It is recommended that the `column_partition` is an integer or date, and that its evenly distributed so that each partition processes roughly the same amount of records.

### supply-chains-latest
Notes:
* Full refresh takes 1.4 minutes in single node, 1 minute in a two node cluster
* Using `last_refresh_time` for partitioning
* Source table size: 3.11 GB
* Destination table size: 250MB

In [0]:
catalog = "*****"
schema = "*****"
table = "supply-chains-latest"

# Will use the row number for dividing partitions
num_partitions = 18 # rule of thumb: 2 - 3 times number of worker cpus
column_partition = "row_number"
lower_bound, upper_bound = get_column_bounds(table, schema, column_partition)

partitions_config = {
    "num_partitions": num_partitions, 
    "column_partition": column_partition,
    "lower_bound": lower_bound,
    "upper_bound": upper_bound
}

process_table(table, schema, catalog, refresh_field="last_refresh_time", partitions_config=partitions_config)

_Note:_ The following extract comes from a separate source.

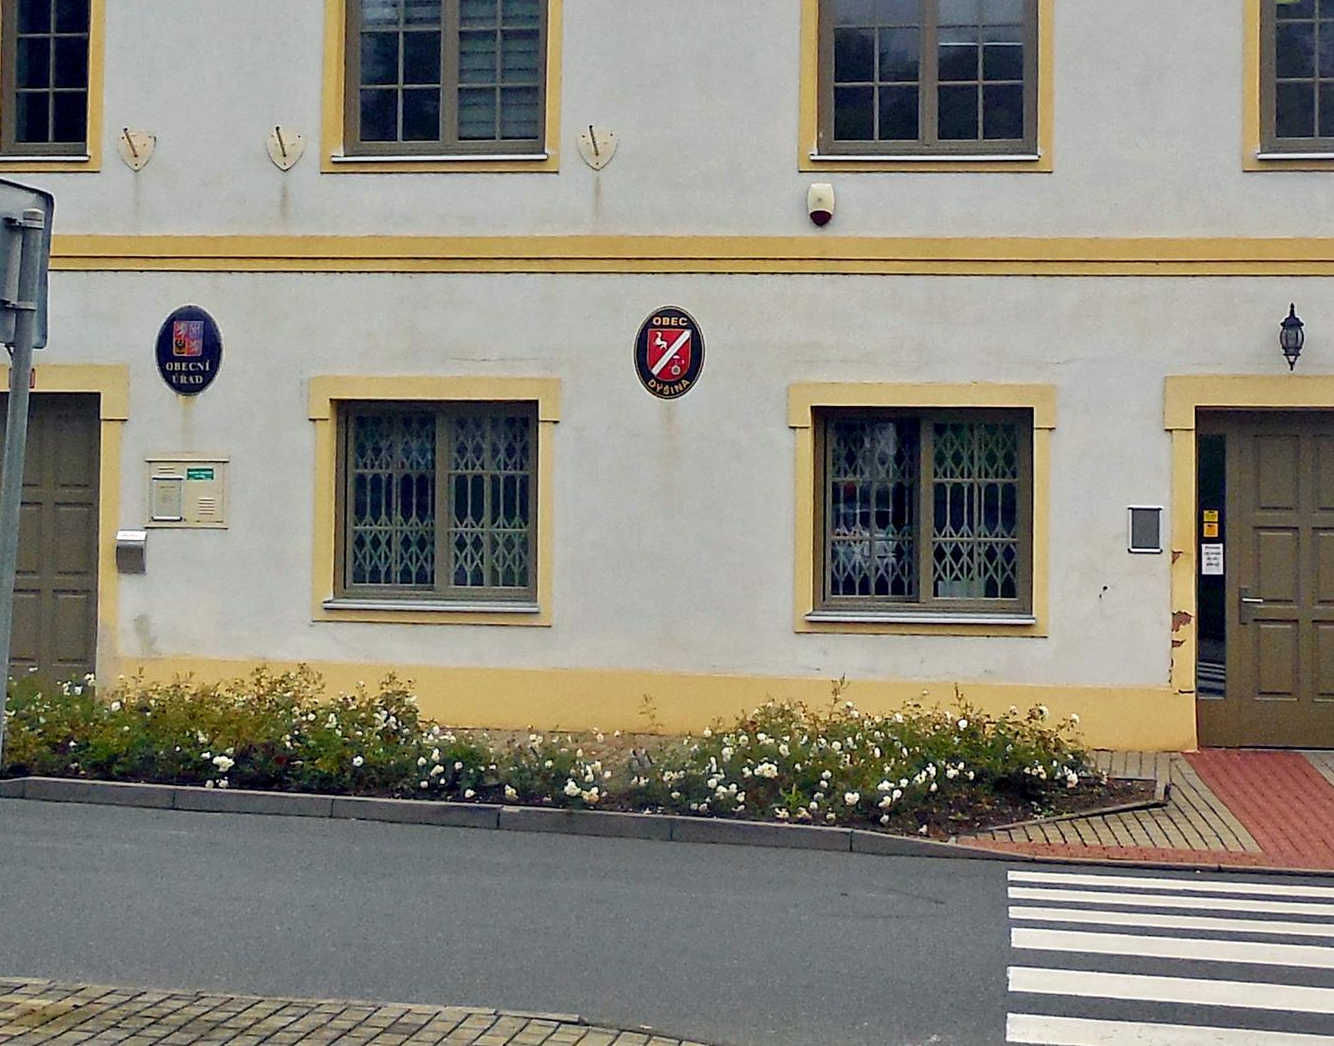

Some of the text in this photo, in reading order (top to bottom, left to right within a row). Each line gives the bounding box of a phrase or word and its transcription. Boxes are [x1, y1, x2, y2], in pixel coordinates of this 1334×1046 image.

*** Processing table *****.supply-chains-latest ***
The destination table '*****.supply-chains-latest' seems up to date, with 'last_refresh_time': 2023-04-06 09:14:22.801232. No need to update it


### supply-chains-concatenated
Notes:
* Currently using `commodity_id` as partitioning column to split the table for read, though as its not evenly distributed, it puts all the burden of processing in two of the table partitions
  * For improving this, find another more evenly distributed column. Or split in an array of reads based on a hashed value [(example link - using scala)](https://dzlab.github.io/spark/2022/02/10/spark-jdbc-partitioning/)
* Takes 2.86 minutes for a full refresh in a single node, 2 minutes in a 2 node cluster
* Destination table size: 380MB

In [0]:
catalog = "****"
schema = "*****"
table = "supply-chains-concatenated"

num_partitions = 18 # rule of thumb: 2 - 3 times number of worker cpus (or number of distinct partitions)
column_partition = "commodity_id"
lower_bound, upper_bound = get_column_bounds(table, schema, column_partition)

partitions_config = {
    "num_partitions": num_partitions, 
    "column_partition": column_partition,
    "lower_bound": lower_bound,
    "upper_bound": upper_bound
}

process_table(table, schema, catalog, refresh_field="last_refresh_time", partitions_config=partitions_config)


*** Processing table *****.supply-chains-concatenated ***
The destination table '*****.supply-chains-concatenated' seems up to date, with 'last_refresh_time': 2023-04-06 09:14:22.801232. No need to update it


### regional-indicators

In [0]:
catalog = "****"
schema = "*****"
table = "regional-indicators"

num_partitions = 18 # rule of thumb: 2 - 3 times number of worker cpus (or number of distinct partitions)
column_partition = "level"
lower_bound, upper_bound = get_column_bounds(table, schema, column_partition)

partitions_config = {
    "num_partitions": num_partitions, 
    "column_partition": column_partition,
    "lower_bound": lower_bound,
    "upper_bound": upper_bound
}

process_table(table, schema, catalog, refresh_field="last_refresh_time", partitions_config=partitions_config)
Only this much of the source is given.